THE LABOUR COURT OF SOUTH AFRICA, JOHANNESBURG

JUDGMENT

Reportable

Of interest to other judges

Case No: J 2920/16

In the matter between:

Tshepo Joseph MATSEBA

 

and

Applicant


LIBERTY GROUP LIMITED


Respondent

JUDGMENT

STEENKAMP J

Introduction

[1] The applicant, Mr Matseba, is due to attend a disciplinary hearing today, 13 December 2016. He has brought an urgent application on about two hours‟ notice to prevent the hearing from going ahead.

[2] A similar application was dismissed by Rabkin-Naicker J last week, on Friday 9 December 2016. The applicant applied for leave to  appeal  against that judgement on the same day. He argues that, given the application for leave to appeal, that order is suspended; and that,  therefore, the respondent (Liberty Life Group) is prevented from proceeding with the inquiry.

This application

[3] The applicant seeks the following relief, apart from the matter being heard on an urgent basis:

'Interdicting the respondent from restarting de novo a disciplinary hearing of Tshepo Joseph Matseba set down for hearing starting the 13th December 2016 until the application for leave to appeal under case no J 2866/16 has been finalised;

Directing that an alleged heard [sic] disciplinary hearing which was allegedly [sic] postponed on the 12th of December 2016 be interdicted until the application for leave to appeal under case no J 2866/16 has been finalised.'

[4] The matter that he refers to is the one heard by Rabkin-Naicker J on 8 December 2016.

The background and the previous order of this Court

[5] Liberty called the employee to a disciplinary hearing in August 2016. He was unhappy with the chairperson, Ms Zarina Walele. Liberty appointed a new chairperson. The hearing continued in September 2016.  The applicant was represented by his attorney of record, Mr Motlatsi Seleke. The hearing continued. The initiator complained about a gross irregularity. Liberty abandoned the hearing and informed the applicant that it would start afresh in December 2016.

[6] The applicant brought an urgent application to interdict the new hearing and to compel Liberty to continue with the part-heard September hearing, in terms identical to this application. It came before Rabkin-Naicker J on 8 December 2016. The next day, 9 December, she issued the  following order:

'1. The application is dismissed.

2. There is no order as to costs.'

Application for leave to appeal

[7] On the same day, the applicant delivered a notice of application for leave to appeal. Also on the same day, Motlatsi Seleke wrote to  the respondent‟s attorneys, Salijee Du Plessis Van der Merwe Inc (SDV) and informed them of the applicant‟s instructions “to appeal”.

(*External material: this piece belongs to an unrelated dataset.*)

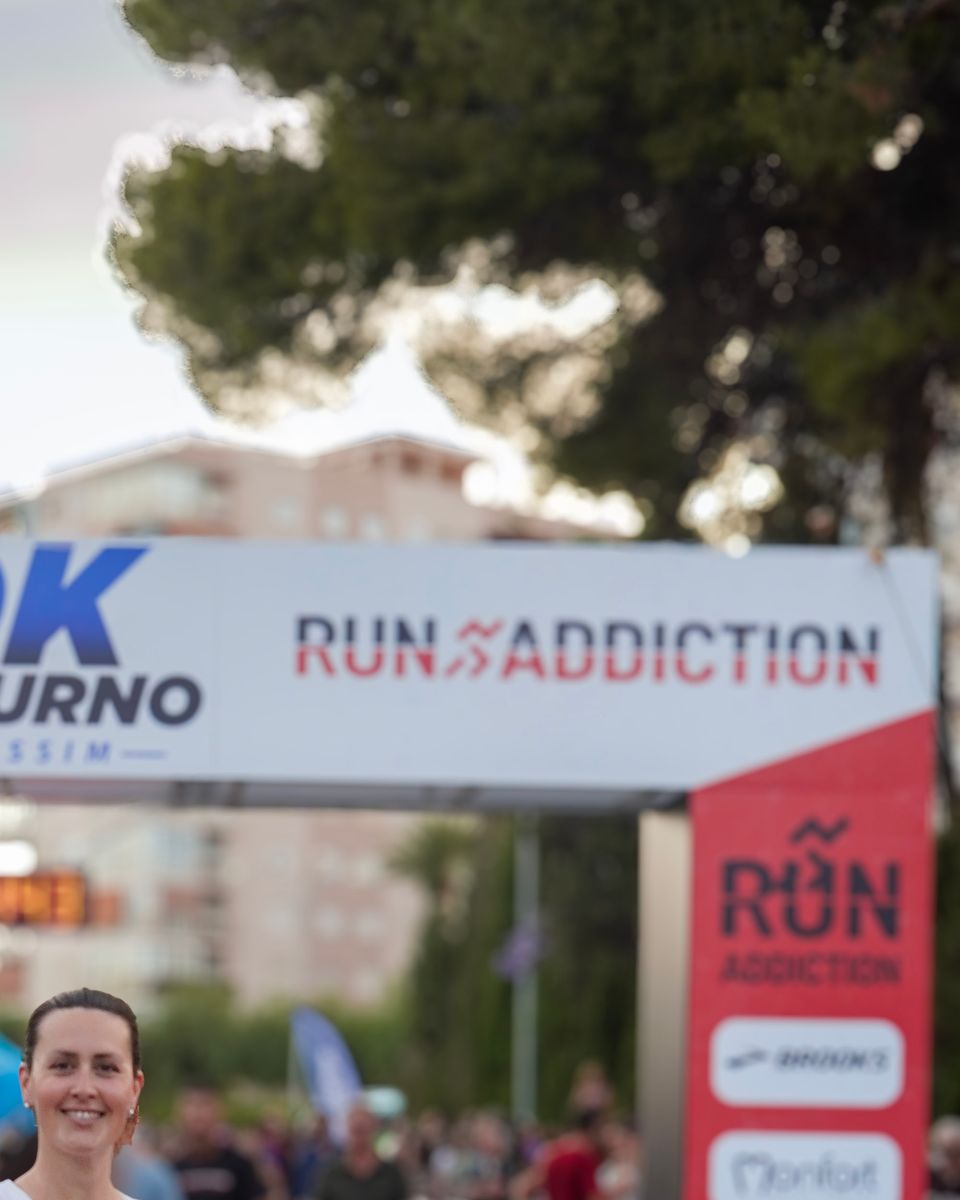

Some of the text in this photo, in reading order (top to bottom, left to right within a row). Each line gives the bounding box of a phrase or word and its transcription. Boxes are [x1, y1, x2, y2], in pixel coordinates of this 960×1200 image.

[8] SDV replied on the same day. They noted the intention to appeal and said:

'Kindly take notice that there is no interdict barring our client from proceeding with the disciplinary hearing as intended on 12 and 13 December 2016. You were advised of our client‟s intention to proceed on these dates as per our correspondence on 8 December 2016.

We herein advise you and confirm that the disciplinary hearing shall be proceeding on 12 December 2016 at 10h00 and 13 December 2016 at 11h30 am.'

[9] On Sunday 11 December Motlatsi Seleke wrote to SDV again and said:

'We refer to the above matter and confirm that we have now served and filed our client‟s application for leave to appeal on yourselves [sic], the Registrar of the Labour Court and the Judge and her secretary on Friday, 9 December 2016, thereby effectively pending any proceedings which you or your client intends to take.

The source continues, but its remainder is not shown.